▶ [What is required]
Transcribe the listing below verbatim, omitting pictures.

=== Input for this task ===

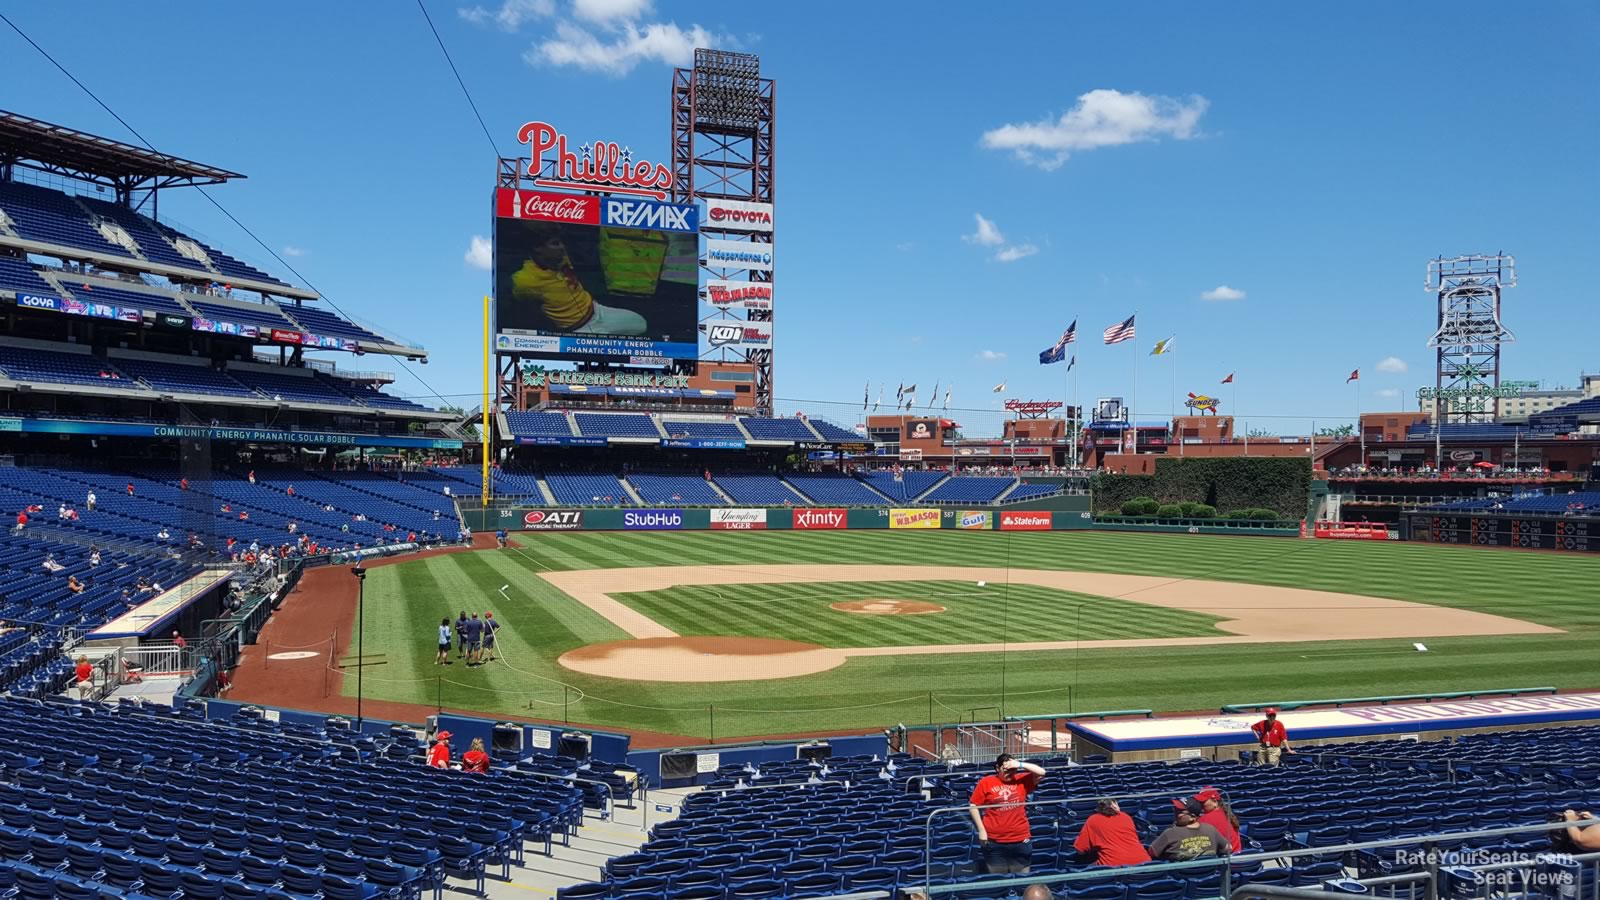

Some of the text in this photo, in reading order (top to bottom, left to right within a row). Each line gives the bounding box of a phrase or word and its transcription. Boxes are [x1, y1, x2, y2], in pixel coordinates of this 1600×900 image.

[517, 121, 672, 189] Phillies
[525, 195, 588, 220] Coca-Cola
[608, 201, 690, 230] RE/MAX
[725, 209, 771, 225] TOYOTA
[708, 249, 762, 263] Independence
[23, 296, 54, 308] GOYA
[514, 337, 558, 345] COMMUNITY
[576, 338, 622, 346] COMMUNITY
[566, 346, 604, 354] PHANATIC
[548, 368, 689, 388] Citizens Bank Park
[1419, 385, 1520, 399] Citizens Bank
[1187, 399, 1218, 407] SUNOCO
[1452, 400, 1485, 411] Park
[153, 427, 356, 444] COMMUNITY ENERGY PHANATIC SOLAR BOBBLE
[806, 442, 832, 450] NovaCare
[500, 510, 512, 518] 334
[543, 512, 580, 523] ATI
[624, 512, 682, 526] StubHub
[716, 510, 760, 522] Yuengling
[797, 511, 844, 527] xfinity
[962, 514, 985, 526] Gulf

===

▶ [Task output]
Some of the text in this photo, in reading order (top to bottom, left to right within a row). Each line gives the bounding box of a phrase or word and its transcription. Boxes are [x1, y1, x2, y2], in pixel coordinates of this 1600×900 image.

[517, 121, 672, 189] Phillies
[525, 195, 588, 220] Coca-Cola
[608, 201, 690, 230] RE/MAX
[725, 209, 771, 225] TOYOTA
[708, 249, 762, 263] Independence
[23, 296, 54, 308] GOYA
[514, 337, 558, 345] COMMUNITY
[576, 338, 622, 346] COMMUNITY
[566, 346, 604, 354] PHANATIC
[548, 368, 689, 388] Citizens Bank Park
[1419, 385, 1520, 399] Citizens Bank
[1187, 399, 1218, 407] SUNOCO
[1452, 400, 1485, 411] Park
[153, 427, 356, 444] COMMUNITY ENERGY PHANATIC SOLAR BOBBLE
[806, 442, 832, 450] NovaCare
[500, 510, 512, 518] 334
[543, 512, 580, 523] ATI
[624, 512, 682, 526] StubHub
[716, 510, 760, 522] Yuengling
[797, 511, 844, 527] xfinity
[962, 514, 985, 526] Gulf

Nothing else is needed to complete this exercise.